First, let’s start with a mind map. Take your pick of software – I use Mindnode on the Mac, but there are literally dozens of different packages. The key is this: whatever software you use must be able to export industry-standard export formats of outlines. The two key formats you’re looking for are OPML and RTF outline. Make your mind map until you’re happy with it. Here’s our example:
Now we dump this into an RTF outline to start.
For good measure, repeat the process as an OPML outline.
Let’s think about our eBook first. As you know, I’m a huge fan of Scrivener. Let’s take our mind map now and import the OPML file version:
Now you’re ready to write, with each branch of your mind map a document inside Scrivener:
If you’ve ever wondered how I outline stuff so fast, this is the method. But wait, there’s more! Let’s say you’ve got a mind map that’s also going to be the basis of a webinar presentation. (that in itself is a secret – start with one map and build 2 different pieces of content from it) Let’s take our RTF export that we did and visit our old friend Powerpoint:
Instant presentation. You’ve got all of your slides laid out exactly as you mind mapped them, and you’re ready to begin fleshing them out into a solid presentation.

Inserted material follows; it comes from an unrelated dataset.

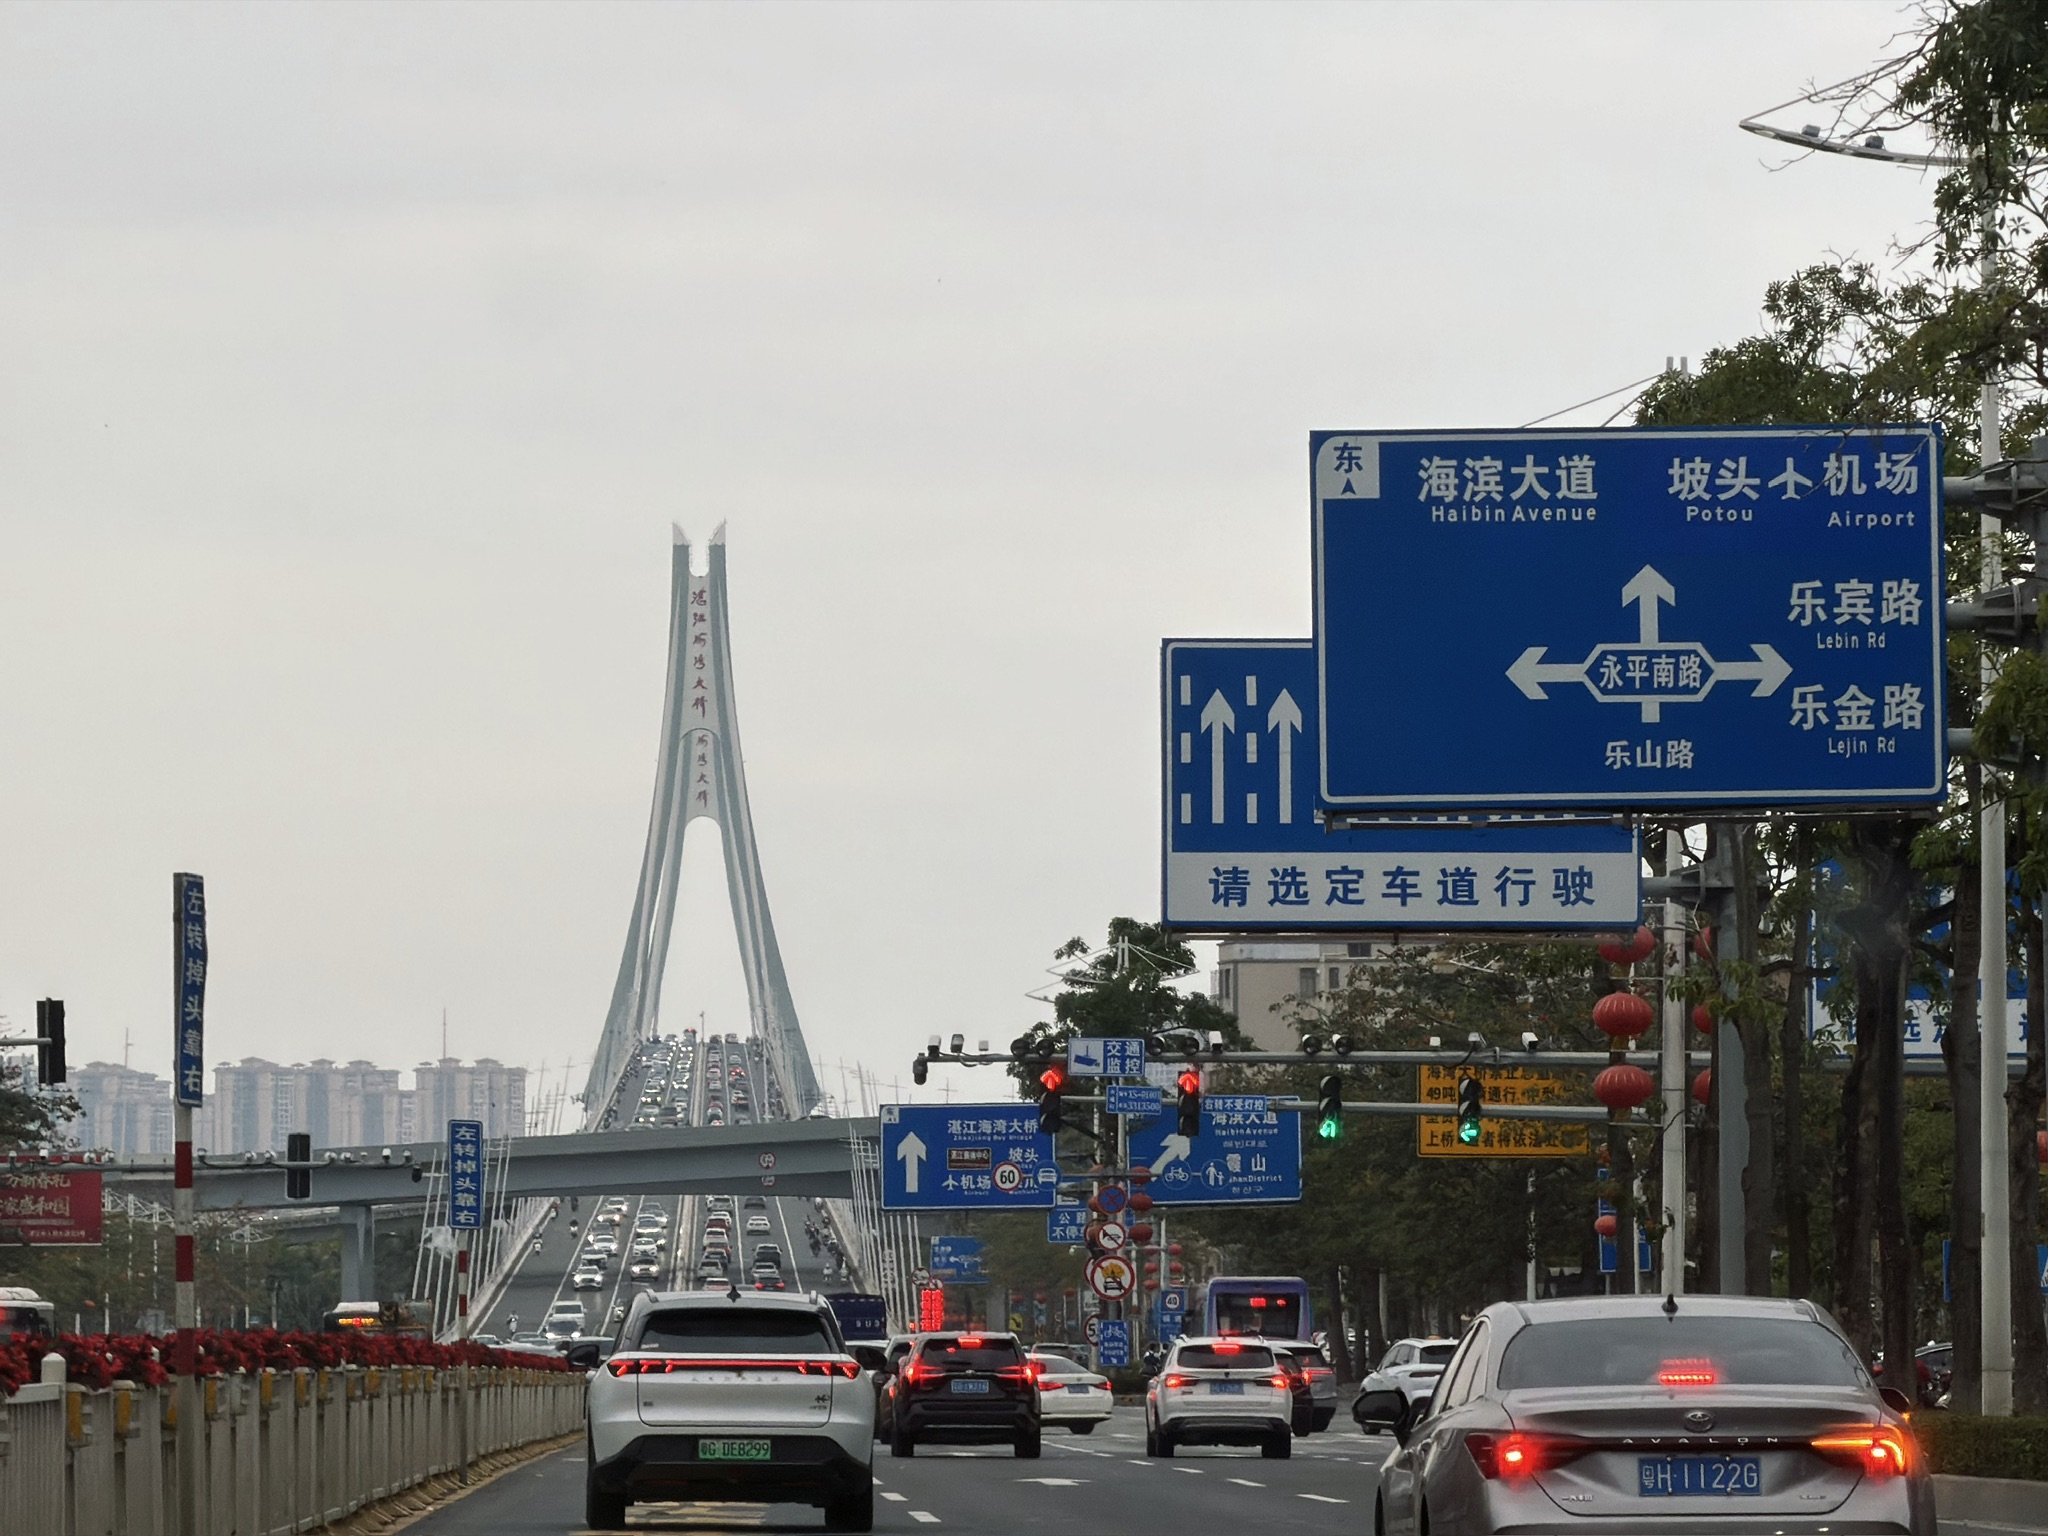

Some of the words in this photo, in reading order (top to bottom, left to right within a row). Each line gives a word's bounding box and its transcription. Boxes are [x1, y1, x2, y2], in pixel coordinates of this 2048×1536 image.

If you use Keynote for the Mac, you’ve got an intermediary step – using OmniOutliner (which probably shipped with your Mac), you’ll need to import the OPML file from earlier and export to Keynote directly from OmniOutliner.
If you’re a PC user, Scrivener for Windows does exist and performs the same functions, and of course, Powerpoint is the standard. All you’d need is a mind mapping package for the PC that exports OPML and RTF.
The power of mind maps to help you develop content in a non-linear fashion is incredible. With these simple methods, you can then take your maps and build content rapidly and robustly using your favorite writing and presenting packages. Take this method and see how many other uses you can find for it!